Instead, PHP seems to use Copy On Write to avoid copying objects (and maybe also arrays) until they are changed. So, for functions that do not change their parameters, the effect should be the same as if you had passed them by reference.
However, I was wondering if the Copy On Write logic maybe is shortcircuited on pass-by-reference and whether that has any performance impact.
ETA: To be sure, I assume that it's not faster, and I am well aware that this is not what references are for. So I think my own guesses are quite good, I'm just looking for an answer from someone who really knows what's definitely happening under the hood. In five years of PHP development, I've always found it hard to get quality information on PHP internals short from reading the source.
In a test with 100 000 iterations of calling a function with a string of 20 kB, the results are:
Function that just reads / uses the parameter
pass by value: 0.12065005 seconds
pass by reference: 1.52171397 seconds
Function to write / change the parameter
pass by value: 1.52223396 seconds
pass by reference: 1.52388787 seconds
Conclusions
Pass the parameter by value is always faster
If the function change the value of the variable passed, for practical purposes is the same as pass by reference than by value
The Zend Engine uses copy-on-write, and when you use a reference yourself, it incurs a little extra overhead.
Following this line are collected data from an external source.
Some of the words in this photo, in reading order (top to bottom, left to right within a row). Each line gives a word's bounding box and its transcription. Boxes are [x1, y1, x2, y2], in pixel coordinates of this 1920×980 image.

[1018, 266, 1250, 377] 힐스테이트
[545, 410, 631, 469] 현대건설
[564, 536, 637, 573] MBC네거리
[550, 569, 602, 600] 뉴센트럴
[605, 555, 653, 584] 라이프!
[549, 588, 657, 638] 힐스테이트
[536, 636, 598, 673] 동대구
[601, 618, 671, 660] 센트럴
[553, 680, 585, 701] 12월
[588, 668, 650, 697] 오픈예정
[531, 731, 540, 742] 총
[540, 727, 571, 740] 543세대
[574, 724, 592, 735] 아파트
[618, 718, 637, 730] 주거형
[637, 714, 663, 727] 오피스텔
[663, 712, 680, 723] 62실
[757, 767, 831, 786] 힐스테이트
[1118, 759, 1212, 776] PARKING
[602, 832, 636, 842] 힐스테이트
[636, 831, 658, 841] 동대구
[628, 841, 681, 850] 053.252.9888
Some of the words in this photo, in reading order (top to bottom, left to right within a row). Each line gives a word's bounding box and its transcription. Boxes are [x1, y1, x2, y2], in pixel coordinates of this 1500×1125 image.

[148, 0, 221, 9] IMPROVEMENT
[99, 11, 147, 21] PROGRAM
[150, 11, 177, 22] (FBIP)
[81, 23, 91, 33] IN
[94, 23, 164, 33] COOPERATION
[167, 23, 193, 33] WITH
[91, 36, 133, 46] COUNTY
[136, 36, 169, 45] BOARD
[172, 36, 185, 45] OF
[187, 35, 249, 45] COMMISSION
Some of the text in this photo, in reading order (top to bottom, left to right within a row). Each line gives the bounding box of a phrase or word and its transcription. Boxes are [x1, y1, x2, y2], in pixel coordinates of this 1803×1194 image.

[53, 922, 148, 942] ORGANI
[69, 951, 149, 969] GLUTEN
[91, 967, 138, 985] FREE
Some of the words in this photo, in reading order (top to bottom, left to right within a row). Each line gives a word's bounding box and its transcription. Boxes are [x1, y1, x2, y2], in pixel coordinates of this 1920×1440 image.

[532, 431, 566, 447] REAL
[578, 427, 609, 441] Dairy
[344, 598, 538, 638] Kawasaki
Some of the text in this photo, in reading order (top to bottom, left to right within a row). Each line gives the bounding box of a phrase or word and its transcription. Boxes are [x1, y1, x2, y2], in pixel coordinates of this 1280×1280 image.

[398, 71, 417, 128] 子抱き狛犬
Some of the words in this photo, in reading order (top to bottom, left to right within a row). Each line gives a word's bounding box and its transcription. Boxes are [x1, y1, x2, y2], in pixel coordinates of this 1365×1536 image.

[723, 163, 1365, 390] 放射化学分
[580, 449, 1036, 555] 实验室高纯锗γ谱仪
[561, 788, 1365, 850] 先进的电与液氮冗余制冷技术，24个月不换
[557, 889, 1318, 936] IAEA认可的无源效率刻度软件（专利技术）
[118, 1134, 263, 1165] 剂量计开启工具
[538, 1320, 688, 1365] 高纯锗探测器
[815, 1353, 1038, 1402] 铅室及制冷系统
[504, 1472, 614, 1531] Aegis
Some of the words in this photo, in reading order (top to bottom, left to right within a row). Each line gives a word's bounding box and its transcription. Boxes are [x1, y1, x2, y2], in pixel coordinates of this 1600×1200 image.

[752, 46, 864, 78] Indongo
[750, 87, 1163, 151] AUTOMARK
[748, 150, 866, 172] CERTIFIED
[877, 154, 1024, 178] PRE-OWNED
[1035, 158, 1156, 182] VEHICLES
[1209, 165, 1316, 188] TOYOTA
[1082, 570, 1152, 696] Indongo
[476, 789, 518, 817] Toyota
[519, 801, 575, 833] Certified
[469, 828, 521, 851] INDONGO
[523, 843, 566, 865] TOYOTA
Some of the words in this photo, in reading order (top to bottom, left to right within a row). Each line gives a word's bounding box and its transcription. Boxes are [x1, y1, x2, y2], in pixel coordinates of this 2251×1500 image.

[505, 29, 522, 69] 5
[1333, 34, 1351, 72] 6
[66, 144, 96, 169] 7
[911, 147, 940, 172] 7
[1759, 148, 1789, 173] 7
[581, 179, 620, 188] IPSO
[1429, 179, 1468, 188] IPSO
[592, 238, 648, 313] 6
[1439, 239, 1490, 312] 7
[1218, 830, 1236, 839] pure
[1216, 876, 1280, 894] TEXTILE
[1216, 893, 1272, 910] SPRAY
Can only find this mention at time of writing though, and comments in the manual contain other links.
(EDIT) The manual page on Objects and references contains a little more info on how object variables differ from references.
I ran some test on this because I was unsure of the answers given.
My results show that passing large arrays or strings by reference IS significantly faster.
Here are my results:
The Y axis (Runs) is how many times a function could be called in 1 second * 10
The test was repeated 8 times for each function/variable
And here is the variables I used:
$large_array = array_fill(PHP_INT_MAX / 2, 1000, 'a');
$small_array = array('this', 'is', 'a', 'small', 'array');
$large_object = (object)$large_array;
$large_string = str_repeat('a', 100000);
$small_string = 'this is a small string';
$value = PHP_INT_MAX / 2;
These are the functions:
function pass_by_ref(&$var) {
}
function pass_by_val($var) {
}
I have experimented with values and references of 10k bytes string passing it to two identical function. One takes argument by value and the second one by reference. They were common functions - take argument, do simple processing and return a value. I did 100 000 calls of both and figured out that references are not designed to increase performance - profit of reference was near 4-5% and it grows only when string becomes large enough (100k and longer, that gave 6-7% improvement). So, my conclusion is do not use references to increase perfomance, this stuff is not for that.
I used PHP Version 5.3.1
I'm pretty sure that no, it's not faster.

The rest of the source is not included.